What stuck with me was this advice: Create for people who really understand what good art is, not the masses, ‘sculpt for other sculptors.’  It has been good advice but he forgot to say that you will feel good about what you do, receive praise from people who know good art, but most appreciating sculptors have no money, so you’ll hardly get a sale from it!


Fellow Jew and Brown People

Jan already liked me because I was from New Zealand. Of his own personal heritage Jan said he had Jewish blood. Jan thought from my looks and my eastern European heritage that I had Jewish in me too. He called me his fellow Jew. When he told me that I was Jewish too I said really?  He said yes.  I said well all right then.
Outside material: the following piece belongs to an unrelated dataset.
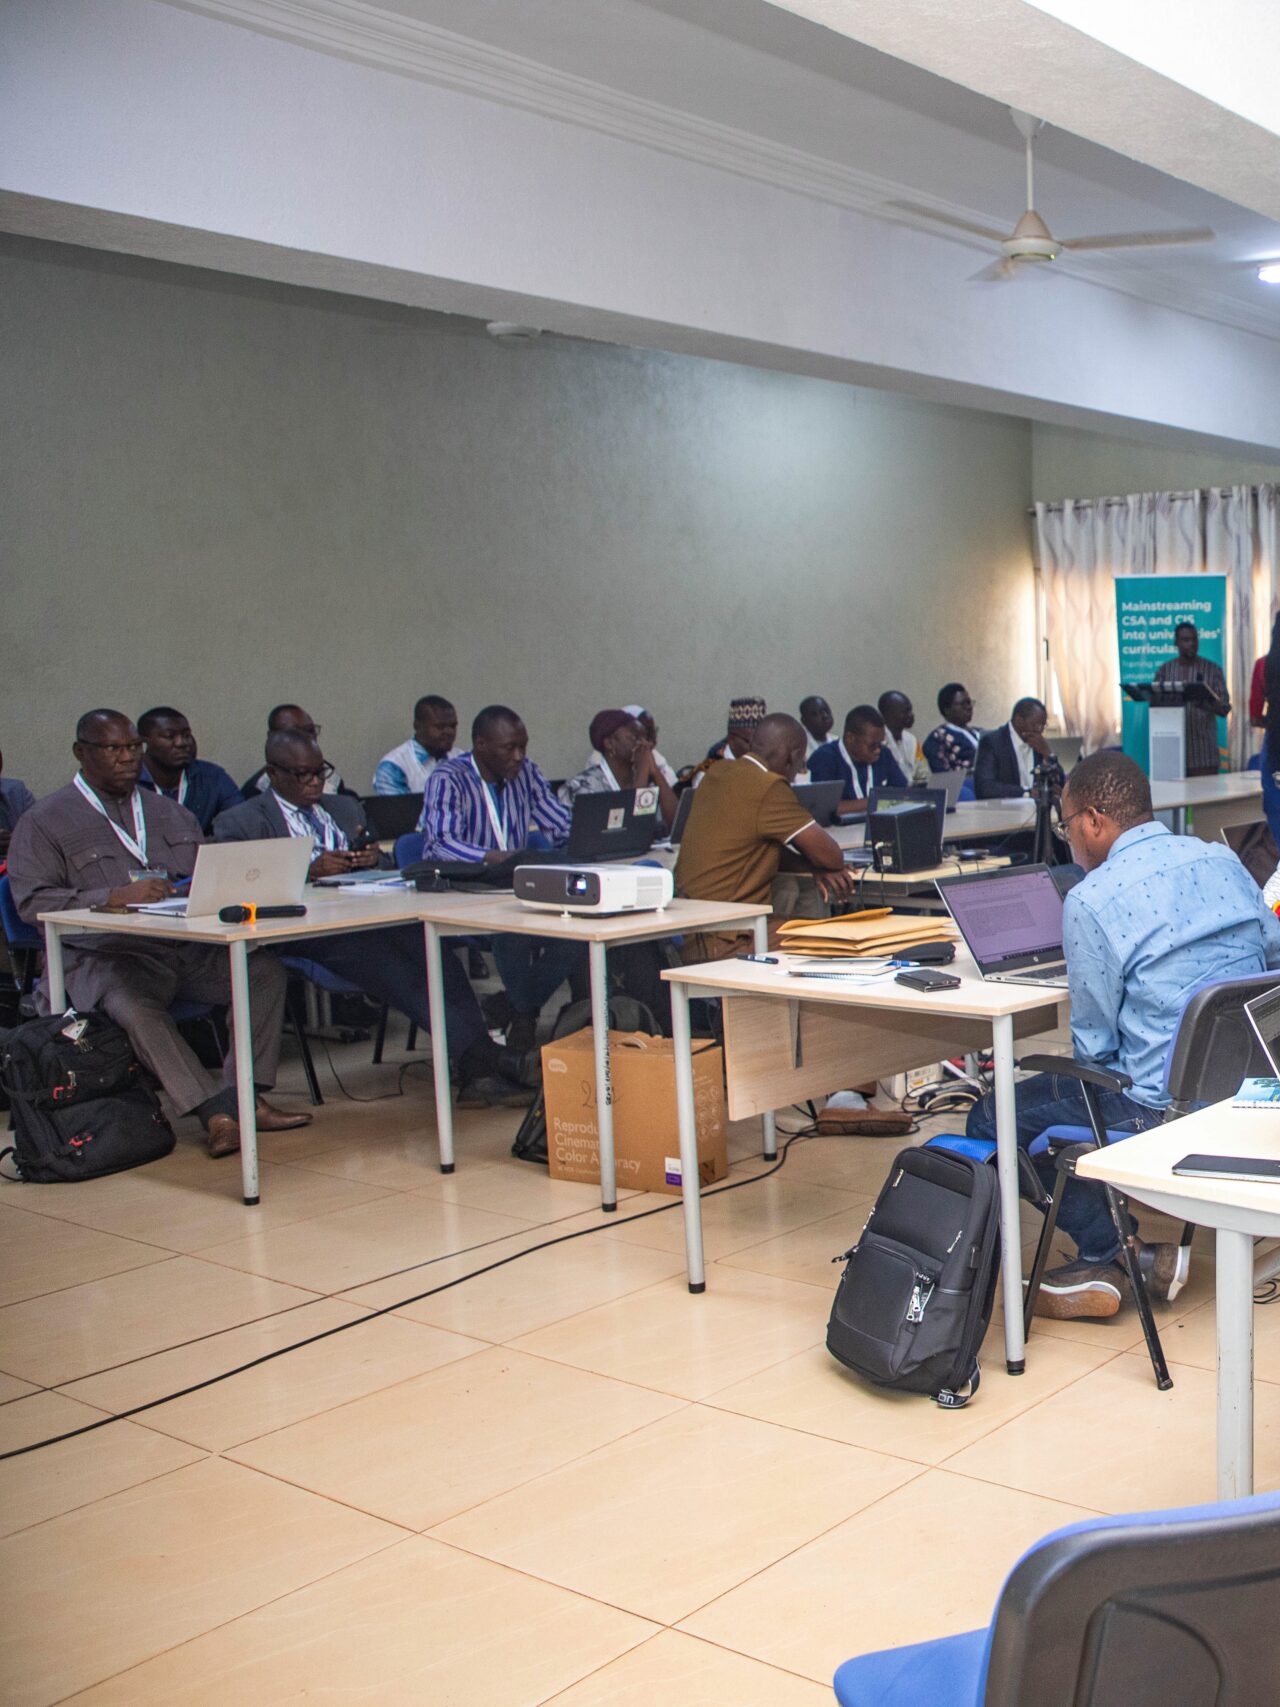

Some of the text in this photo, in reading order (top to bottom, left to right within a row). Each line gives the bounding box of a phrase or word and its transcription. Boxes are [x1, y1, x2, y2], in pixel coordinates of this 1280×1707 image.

I have never been able to find out for sure if I was Jewish.  From his sisters, I'm not sure if he was Jewish either. His sisters once said to me that "Jan was the only Jew in our family." Jan stuck with this thread. He would ask the question, "who are the best today in every field of art, music or science? Jews, just like you and me". I had no idea what I was, my family history is murky, but if that meant he would take special interest in me and teach me, I would be Jewish. I was his fellow Jew.


A Samoan feast: Jan loved
culture and native peoples
Race was a huge part of it all for Jan.  Many of his sculptures were of Polynesians and their legends. He loved the Polynesians having lived in Samoa and Hawaii for over 25 years. He befriended Polynesians that understood him and adopted him as their own. His arms were tanned from the Hawaiian sun so looking at his own arms, after a while, he thought of himself as Polynesian too.  He would say the biggest shock for him would be each morning when he would look at his face in the mirror and see a white made staring back. Other times his realization of being white was not so subtle.  He related to me one experience when he was walking in Laie shopping center, when the hairs on his neck stood up, his senses became alarmed and a voice said watch out!  He pivoted his head in time to have his cheek grazed by the fist of some big polynesian. With the big Polynesian now off balance, Jan took off running to save himself. Those times for sure he knew he was a Haole (white person). He would say he understood why they (Hawaiians) hated white people after taking away their lands and their dignity.

Other Interesting Stories: Kama Pua'a Pays a Visit

Jan told some amazing stories but none were more amazing than the story he once told us when he was in the middle of creating works for the Grand Wailea hotel.


The Hawaiians have a legend of a pig man, like the native American's wolfman, who could change his appearance from a man to a raging pig.  Jan did a sculpture of the Kama Pu’aa (pig man) for the hotel on Maui. He started off with a maquette for approval.  He had the maquette at his home in Kaaawa.  One time during the day when the house was empty, he went upstairs to take a nap.  While half asleep he heard the sliding door open and a strange sound like cloven feet smacking the linoleum floor.  It could be heard moving around in the kitchen then onto the carpet and the distinct sound of it coming up the stairs.   Ka clop ka clop. Jan said, "oh no it’s coming up here!"  He covered his face with the blanket and refused to see what had just flung open the door to his bedroom and was hoping around his bed. Ka clop ka clop ka clop! Cowering, he said to himself "I’m not looking! I’m not looking!" Eventually the visitor went down the stairs and left.  He later asked a Hawaiian friend what that meant.  He said the Kama Pua’a was coming to see the sculpture you did of him and... he liked it.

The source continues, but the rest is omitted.